ES2018 has a [https://github.com/tc39/proposal-regexp-lookbehind proposal for lookbehind], which was already implemented in some engines.<ref>{{Cite web|url=https://v8project.blogspot.com/2016/02/regexp-lookbehind-assertions.html|title=V8 JavaScript Engine: RegExp lookbehind assertions|last=Hablich|first=Michael|date=2016-02-26|website=V8 JavaScript Engine|access-date=2018-02-02}}</ref>
 
Also v8 has had unicode for a while now. <ref>{{Cite web|url=https://chromium.googlesource.com/v8/v8/+/3a2fbc3a4ed2802b52659df2209b930200d63b29|title=3a2fbc3a4ed2802b52659df2209b930200d63b29 - v8/v8 - Git at Google|website=chromium.googlesource.com|language=en|access-date=2018-02-02}}</ref><ref>{{Cite web|url=https://chromium.googlesource.com/v8/v8/+/e1c645d1f41febae014b4d0dfe7dc6e4549fab5e|title=e1c645d1f41febae014b4d0dfe7dc6e4549fab5e - v8/v8 - Git at Google|website=chromium.googlesource.com|language=en|access-date=2018-02-02}}</ref>
 
{{reflist-talk}}
 
== Engines could be categorized ==
 
- There are official types of engines: DFA / NFA with the distinction Traditional NFA, Posix NFA (see. [https://www.oreilly.com/library/view/mastering-regular-expressions/0596528124/ch04.html Mastering Regular Expressions, 3rd Edition by Jeffrey E.F. Friedl, chapter 4])
- And there is a strong grouping of Perl compatibility (which drove regex developments some years ago).
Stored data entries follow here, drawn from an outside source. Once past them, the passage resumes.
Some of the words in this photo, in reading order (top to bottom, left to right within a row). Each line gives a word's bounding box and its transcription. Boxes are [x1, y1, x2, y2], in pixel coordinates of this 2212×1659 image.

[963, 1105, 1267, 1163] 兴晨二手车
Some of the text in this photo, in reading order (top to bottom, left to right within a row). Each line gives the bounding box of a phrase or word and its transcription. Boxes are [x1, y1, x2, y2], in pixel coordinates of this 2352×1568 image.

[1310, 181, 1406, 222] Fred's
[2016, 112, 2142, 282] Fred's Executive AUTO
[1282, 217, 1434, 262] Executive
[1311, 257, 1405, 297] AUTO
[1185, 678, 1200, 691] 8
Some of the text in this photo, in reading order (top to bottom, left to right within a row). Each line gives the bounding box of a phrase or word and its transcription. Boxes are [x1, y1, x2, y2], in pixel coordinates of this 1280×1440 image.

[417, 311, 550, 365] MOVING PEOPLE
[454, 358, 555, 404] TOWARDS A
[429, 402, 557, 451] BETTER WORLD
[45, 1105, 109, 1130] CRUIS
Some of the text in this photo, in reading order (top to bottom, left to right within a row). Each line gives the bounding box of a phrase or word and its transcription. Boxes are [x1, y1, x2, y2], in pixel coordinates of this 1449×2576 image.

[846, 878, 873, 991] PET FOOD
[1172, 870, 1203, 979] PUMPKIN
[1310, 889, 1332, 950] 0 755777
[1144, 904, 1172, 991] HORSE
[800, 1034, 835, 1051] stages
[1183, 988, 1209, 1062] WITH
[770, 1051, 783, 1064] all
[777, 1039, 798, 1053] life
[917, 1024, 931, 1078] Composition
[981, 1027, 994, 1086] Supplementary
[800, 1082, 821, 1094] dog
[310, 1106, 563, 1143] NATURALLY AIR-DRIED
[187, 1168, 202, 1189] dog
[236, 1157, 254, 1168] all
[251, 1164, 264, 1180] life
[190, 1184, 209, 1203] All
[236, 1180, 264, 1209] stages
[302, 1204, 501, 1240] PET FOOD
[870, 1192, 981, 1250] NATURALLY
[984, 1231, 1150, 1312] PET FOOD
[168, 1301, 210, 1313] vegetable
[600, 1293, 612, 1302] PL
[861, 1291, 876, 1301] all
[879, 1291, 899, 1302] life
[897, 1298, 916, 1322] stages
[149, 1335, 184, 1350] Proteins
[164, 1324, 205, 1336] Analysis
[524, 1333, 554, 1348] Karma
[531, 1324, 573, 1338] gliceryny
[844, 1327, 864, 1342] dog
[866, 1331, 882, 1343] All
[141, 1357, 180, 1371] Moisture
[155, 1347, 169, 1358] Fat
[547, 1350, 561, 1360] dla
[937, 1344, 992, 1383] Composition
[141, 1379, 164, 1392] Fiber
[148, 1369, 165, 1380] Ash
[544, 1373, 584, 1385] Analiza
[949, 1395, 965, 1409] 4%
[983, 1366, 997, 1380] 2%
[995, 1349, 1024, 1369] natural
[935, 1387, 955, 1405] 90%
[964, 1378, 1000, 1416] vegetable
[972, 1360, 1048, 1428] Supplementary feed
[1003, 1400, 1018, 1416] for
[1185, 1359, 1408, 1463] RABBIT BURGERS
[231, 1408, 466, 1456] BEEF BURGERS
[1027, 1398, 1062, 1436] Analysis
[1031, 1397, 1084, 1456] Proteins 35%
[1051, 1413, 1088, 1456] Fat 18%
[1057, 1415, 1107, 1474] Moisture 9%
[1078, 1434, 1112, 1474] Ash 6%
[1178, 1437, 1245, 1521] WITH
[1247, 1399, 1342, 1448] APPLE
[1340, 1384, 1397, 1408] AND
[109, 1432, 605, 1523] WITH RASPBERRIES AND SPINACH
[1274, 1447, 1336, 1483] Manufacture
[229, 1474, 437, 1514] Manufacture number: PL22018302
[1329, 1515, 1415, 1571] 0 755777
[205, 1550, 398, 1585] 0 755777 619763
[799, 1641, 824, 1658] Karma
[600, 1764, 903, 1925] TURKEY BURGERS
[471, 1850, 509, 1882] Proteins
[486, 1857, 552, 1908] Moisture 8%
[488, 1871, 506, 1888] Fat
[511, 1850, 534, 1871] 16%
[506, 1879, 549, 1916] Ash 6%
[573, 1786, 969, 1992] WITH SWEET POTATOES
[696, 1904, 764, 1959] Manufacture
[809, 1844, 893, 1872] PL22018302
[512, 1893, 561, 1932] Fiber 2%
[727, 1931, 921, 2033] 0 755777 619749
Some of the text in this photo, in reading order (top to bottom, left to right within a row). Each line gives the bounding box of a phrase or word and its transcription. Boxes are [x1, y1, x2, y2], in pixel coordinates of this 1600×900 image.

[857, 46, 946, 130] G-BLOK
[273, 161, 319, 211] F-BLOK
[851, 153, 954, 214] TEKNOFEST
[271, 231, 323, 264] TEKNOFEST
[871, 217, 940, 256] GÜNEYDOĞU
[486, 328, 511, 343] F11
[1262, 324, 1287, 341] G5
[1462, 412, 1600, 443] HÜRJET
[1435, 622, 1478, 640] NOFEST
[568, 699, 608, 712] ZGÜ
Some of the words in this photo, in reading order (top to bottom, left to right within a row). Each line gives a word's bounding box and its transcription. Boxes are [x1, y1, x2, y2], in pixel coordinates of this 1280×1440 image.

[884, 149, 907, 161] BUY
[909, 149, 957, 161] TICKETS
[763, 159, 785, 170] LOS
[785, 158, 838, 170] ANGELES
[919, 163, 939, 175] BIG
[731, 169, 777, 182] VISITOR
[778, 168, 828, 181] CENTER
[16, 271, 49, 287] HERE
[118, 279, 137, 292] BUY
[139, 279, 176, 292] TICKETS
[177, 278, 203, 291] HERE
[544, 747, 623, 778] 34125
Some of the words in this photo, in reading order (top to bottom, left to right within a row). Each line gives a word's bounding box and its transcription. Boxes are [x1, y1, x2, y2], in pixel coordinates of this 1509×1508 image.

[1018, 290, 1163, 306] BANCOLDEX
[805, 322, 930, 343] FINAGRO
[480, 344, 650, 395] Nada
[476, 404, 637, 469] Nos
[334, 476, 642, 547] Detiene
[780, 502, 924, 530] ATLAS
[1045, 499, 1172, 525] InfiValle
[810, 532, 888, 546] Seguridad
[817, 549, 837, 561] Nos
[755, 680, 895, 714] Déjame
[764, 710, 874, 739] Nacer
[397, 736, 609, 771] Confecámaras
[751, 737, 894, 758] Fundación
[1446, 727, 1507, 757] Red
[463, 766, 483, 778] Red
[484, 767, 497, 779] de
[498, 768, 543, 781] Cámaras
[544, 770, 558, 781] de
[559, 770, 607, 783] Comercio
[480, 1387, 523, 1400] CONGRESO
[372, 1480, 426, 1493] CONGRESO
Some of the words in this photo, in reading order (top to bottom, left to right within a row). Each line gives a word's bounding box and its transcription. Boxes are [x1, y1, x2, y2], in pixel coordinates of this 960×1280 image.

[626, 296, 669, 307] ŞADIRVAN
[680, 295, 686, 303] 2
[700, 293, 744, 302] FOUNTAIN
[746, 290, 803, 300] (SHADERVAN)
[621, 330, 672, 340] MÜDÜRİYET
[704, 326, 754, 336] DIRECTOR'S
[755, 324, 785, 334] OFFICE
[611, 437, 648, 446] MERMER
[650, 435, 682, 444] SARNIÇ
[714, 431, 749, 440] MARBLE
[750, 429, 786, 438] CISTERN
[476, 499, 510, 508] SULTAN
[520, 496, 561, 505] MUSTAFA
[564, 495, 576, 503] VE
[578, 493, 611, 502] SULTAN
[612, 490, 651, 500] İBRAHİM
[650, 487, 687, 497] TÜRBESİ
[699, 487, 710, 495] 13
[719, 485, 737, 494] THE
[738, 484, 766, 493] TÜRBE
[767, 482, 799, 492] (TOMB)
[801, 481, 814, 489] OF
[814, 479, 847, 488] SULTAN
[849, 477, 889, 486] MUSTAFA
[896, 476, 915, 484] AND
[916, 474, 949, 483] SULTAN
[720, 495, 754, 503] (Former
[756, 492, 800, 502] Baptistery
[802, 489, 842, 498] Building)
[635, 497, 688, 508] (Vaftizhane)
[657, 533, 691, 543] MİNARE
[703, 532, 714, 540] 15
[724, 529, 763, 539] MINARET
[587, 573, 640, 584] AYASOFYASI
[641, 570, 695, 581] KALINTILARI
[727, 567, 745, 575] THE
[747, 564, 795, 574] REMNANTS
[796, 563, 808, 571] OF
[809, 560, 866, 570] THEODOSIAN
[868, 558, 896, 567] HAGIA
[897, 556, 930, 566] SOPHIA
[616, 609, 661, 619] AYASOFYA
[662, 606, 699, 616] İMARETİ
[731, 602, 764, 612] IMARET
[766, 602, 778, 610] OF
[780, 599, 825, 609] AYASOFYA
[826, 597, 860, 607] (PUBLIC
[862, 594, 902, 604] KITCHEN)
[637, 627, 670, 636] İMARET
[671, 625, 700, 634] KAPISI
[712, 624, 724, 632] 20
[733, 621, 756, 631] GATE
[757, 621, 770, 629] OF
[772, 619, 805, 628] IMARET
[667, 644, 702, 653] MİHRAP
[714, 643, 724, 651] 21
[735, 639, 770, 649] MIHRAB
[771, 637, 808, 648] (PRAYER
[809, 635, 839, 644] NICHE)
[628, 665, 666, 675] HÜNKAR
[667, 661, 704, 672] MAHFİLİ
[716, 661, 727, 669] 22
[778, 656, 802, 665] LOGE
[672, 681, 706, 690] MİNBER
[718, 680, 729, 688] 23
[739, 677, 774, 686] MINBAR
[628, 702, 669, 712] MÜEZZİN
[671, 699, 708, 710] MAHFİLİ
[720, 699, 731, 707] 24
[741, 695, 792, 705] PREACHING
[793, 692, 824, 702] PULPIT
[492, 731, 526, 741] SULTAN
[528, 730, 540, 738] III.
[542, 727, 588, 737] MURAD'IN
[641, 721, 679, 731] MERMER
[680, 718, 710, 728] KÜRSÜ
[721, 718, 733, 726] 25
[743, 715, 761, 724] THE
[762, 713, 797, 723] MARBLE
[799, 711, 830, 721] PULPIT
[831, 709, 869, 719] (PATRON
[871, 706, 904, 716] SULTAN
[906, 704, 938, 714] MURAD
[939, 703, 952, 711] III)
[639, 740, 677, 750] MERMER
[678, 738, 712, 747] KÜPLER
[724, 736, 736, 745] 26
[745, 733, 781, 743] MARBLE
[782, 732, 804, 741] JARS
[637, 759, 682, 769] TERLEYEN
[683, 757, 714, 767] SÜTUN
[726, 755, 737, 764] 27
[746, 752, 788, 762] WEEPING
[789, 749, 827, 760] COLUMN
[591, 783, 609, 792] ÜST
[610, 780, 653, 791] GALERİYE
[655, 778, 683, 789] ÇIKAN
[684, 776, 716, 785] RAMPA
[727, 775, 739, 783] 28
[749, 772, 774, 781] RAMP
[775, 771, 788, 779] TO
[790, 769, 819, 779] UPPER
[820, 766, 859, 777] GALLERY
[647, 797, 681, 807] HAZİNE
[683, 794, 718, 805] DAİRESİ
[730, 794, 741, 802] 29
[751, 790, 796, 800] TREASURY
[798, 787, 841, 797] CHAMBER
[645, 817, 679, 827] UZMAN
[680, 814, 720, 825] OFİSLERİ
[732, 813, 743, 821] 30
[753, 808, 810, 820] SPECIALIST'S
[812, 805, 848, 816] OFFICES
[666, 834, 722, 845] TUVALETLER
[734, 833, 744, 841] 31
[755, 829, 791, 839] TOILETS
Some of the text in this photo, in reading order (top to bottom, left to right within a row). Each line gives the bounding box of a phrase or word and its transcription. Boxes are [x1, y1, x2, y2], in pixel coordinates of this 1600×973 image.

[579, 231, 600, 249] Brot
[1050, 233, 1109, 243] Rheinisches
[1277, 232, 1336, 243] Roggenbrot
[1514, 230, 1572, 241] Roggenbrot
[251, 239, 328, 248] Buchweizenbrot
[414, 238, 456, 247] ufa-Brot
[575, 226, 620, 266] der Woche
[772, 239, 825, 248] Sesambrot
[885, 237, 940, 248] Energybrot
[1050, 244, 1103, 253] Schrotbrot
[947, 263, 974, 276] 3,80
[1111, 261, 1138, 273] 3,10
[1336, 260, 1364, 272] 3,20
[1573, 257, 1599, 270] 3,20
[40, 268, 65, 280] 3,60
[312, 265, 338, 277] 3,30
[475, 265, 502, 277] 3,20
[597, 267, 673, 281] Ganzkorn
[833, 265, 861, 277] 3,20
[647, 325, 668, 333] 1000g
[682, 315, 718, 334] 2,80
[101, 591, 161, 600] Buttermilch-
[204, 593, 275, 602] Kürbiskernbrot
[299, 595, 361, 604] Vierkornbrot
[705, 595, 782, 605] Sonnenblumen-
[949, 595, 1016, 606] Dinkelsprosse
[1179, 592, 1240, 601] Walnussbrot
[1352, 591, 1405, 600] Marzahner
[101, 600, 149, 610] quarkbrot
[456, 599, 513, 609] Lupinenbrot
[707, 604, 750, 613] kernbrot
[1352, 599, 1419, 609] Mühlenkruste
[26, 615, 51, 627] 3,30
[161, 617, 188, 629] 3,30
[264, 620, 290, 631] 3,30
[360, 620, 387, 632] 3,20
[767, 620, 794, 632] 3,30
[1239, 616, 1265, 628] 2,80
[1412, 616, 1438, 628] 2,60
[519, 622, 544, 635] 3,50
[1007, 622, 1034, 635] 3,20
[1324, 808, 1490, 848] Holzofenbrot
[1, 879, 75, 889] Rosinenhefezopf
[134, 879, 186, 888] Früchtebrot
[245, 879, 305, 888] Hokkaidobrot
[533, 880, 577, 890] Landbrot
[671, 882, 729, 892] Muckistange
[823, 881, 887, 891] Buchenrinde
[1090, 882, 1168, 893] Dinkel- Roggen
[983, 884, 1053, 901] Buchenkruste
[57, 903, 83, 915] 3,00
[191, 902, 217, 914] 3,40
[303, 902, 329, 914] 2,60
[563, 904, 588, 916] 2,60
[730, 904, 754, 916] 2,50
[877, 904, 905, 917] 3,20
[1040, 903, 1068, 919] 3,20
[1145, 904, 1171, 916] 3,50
Perl 5.005 introduced new features ([https://perldoc.perl.org/perl5005delta.html#Regular-Expressions Perl 5.005 Regular Expression improvements]) like Lookbehinds, Conditional Expressions, Atomic Groups. Perl 5.10 introduced other new features ([https://perldoc.perl.org/perl5100delta.html#Regular-expressions Perl 5.1 Regular Expression improvements]) many years later like Named Capture Buffers, Possessive Quantifiers, Relative Backreferences, \K, among others. The regex engine in version 5.10 was developed in collaboration with the PCRE project, the most interesting features were added beween 1997 and 2007 ([https://www.rexegg.com/pcre-documentation.html Curated PCRE history]).
 
As Perl is/was the defacto standard for regex, most of the engines in this Wikipedia article have a grammar and feature clearly set before the Perl 5.005 release, between Perl 5.005 and 5.10, or after Perl 5.10.
 
Sebastian --[[Special:Contributions/88.217.185.170|88.217.185.170]] ([[User talk:88.217.185.170|talk]]) 21:47, 12 October 2019 (UTC)
 
:A bit of digging provided: PCRE was created 1997, when Perl 5.004 was out. PCRE 2.0 was created in 1998, when Perl 5.005 (with regex updates) was released. PCRE 7.0-7.3 were done in 2006-2007 in co-development for Perl 5.10 (with more groundbreaking regex updates). Sebastian --[[Special:Contributions/88.217.185.170|88.217.185.170]] ([[User talk:88.217.185.170|talk]]) 22:20, 12 October 2019 (UTC)
 
== About Java Regex Variable-length lookaround ==
 
I just tested regex "(?<=[a-z]+)[0-9]+" on some Java platforms, including Oracle JDK and OpenJDK 1.8, Oracle JDK and OpenJDK 17 at the text "abcd12345", and it gave the correct result "12345"; the variable-width look-ahead regex "[0-9]+(?=[a-z]+)" also works fine on Java on my machine. But on Android platform with API level 29 and Java source/target compatibility version 1.8, this regular expression has a compilation error for the reason of "non-fixed width look-behind". Also on the website [https://regex101.com/r/kB8Y47/1 regex test] it fails with Java 8 flavor.
 
I don't know how these work on Java, and the different results above, very confused now. <!-- Template:Unsigned --><span class="autosigned" style="font-size:85%;">—&nbsp;Preceding [[Wikipedia:Signatures|unsigned]] comment added by [[User:Bczhc|Bczhc]] ([[User talk:Bczhc#top|talk]] • [[Special:Contributions/Bczhc|contribs]]) 02:52, 5 February 2022 (UTC)</span> <!--Autosigned by SineBot-->
 
:and is there a need to add "variable-length lookahead" future property on regular expression features part 2? [[User:Bczhc|Bczhc]] ([[User talk:Bczhc|talk]]) 02:57, 5 February 2022 (UTC)
 
 
== possessive quantifiers ==
 
I'm missing the feature "possessive quantifiers" that some RegEx dialects have. I can only find the distinction between greedy and non-greedy, but technically there is greedy, lazy/reluctant and possessive.